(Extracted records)
□ □ □ □ □

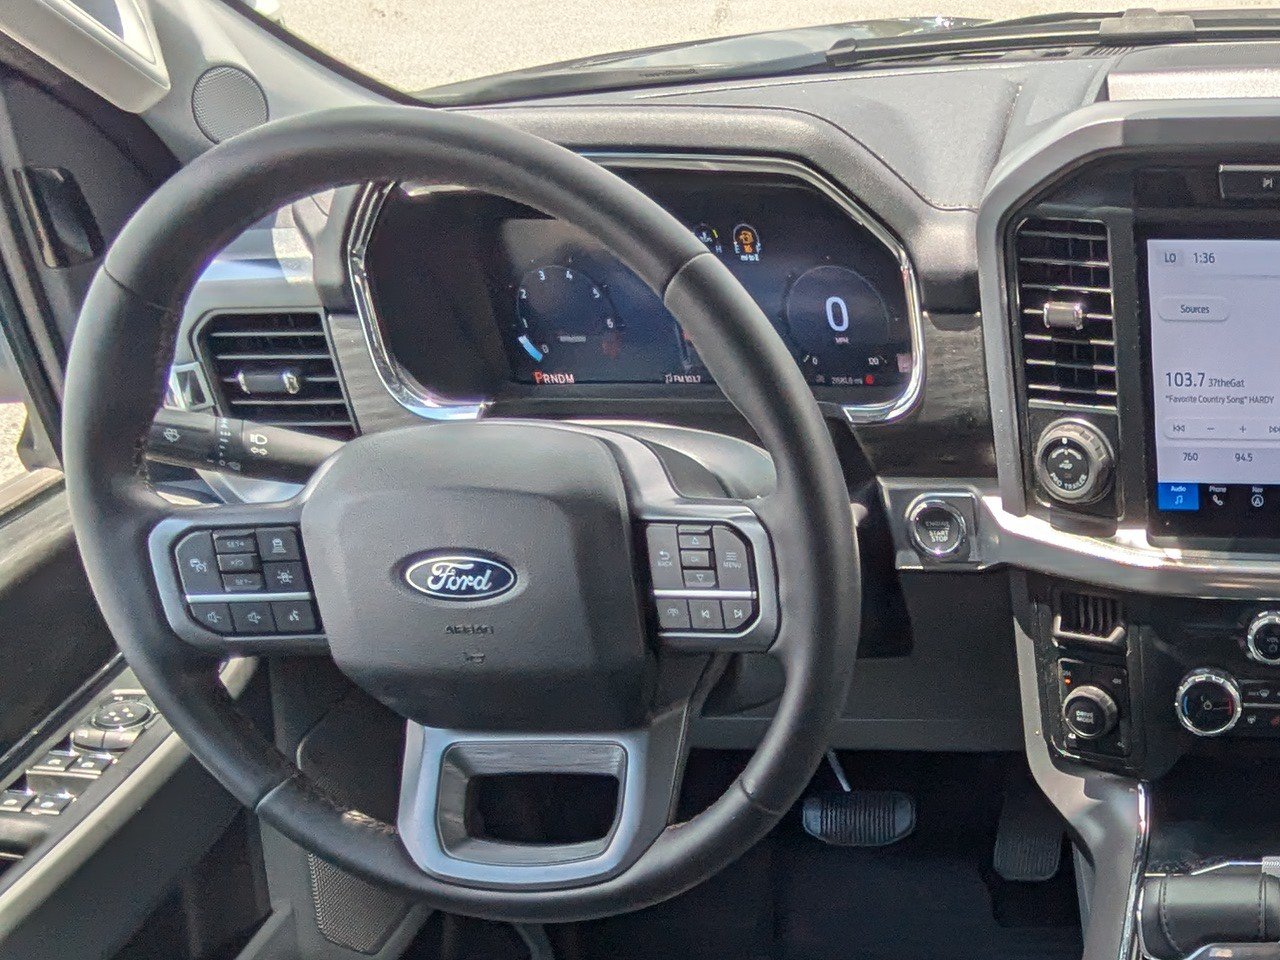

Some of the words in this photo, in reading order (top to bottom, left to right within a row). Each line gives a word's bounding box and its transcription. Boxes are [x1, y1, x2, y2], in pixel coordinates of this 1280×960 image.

[1164, 253, 1177, 263] LO
[1194, 253, 1215, 263] 1:36
[538, 270, 546, 281] 3
[565, 270, 573, 281] 4
[520, 288, 527, 300] 2
[592, 287, 600, 299] 5
[825, 296, 849, 332] 0
[1180, 304, 1210, 314] Sources
[606, 318, 614, 328] 6
[1166, 372, 1206, 387] 103.7
[1208, 378, 1245, 387] 37theGat
[1198, 394, 1225, 405] Country
[1248, 395, 1275, 404] HARDY
[1183, 452, 1198, 462] 760
[1235, 453, 1253, 462] 94.5
[1209, 485, 1227, 493] Phone
[427, 561, 493, 591] Ford

□ □ □ □ □

**Exercise description**.
Each record above is to be returned unchanged, while any picture it holds stays out.

**Your response**.
Some of the words in this photo, in reading order (top to bottom, left to right within a row). Each line gives a word's bounding box and its transcription. Boxes are [x1, y1, x2, y2], in pixel coordinates of this 1280×960 image.

[1164, 253, 1177, 263] LO
[1194, 253, 1215, 263] 1:36
[538, 270, 546, 281] 3
[565, 270, 573, 281] 4
[520, 288, 527, 300] 2
[592, 287, 600, 299] 5
[825, 296, 849, 332] 0
[1180, 304, 1210, 314] Sources
[606, 318, 614, 328] 6
[1166, 372, 1206, 387] 103.7
[1208, 378, 1245, 387] 37theGat
[1198, 394, 1225, 405] Country
[1248, 395, 1275, 404] HARDY
[1183, 452, 1198, 462] 760
[1235, 453, 1253, 462] 94.5
[1209, 485, 1227, 493] Phone
[427, 561, 493, 591] Ford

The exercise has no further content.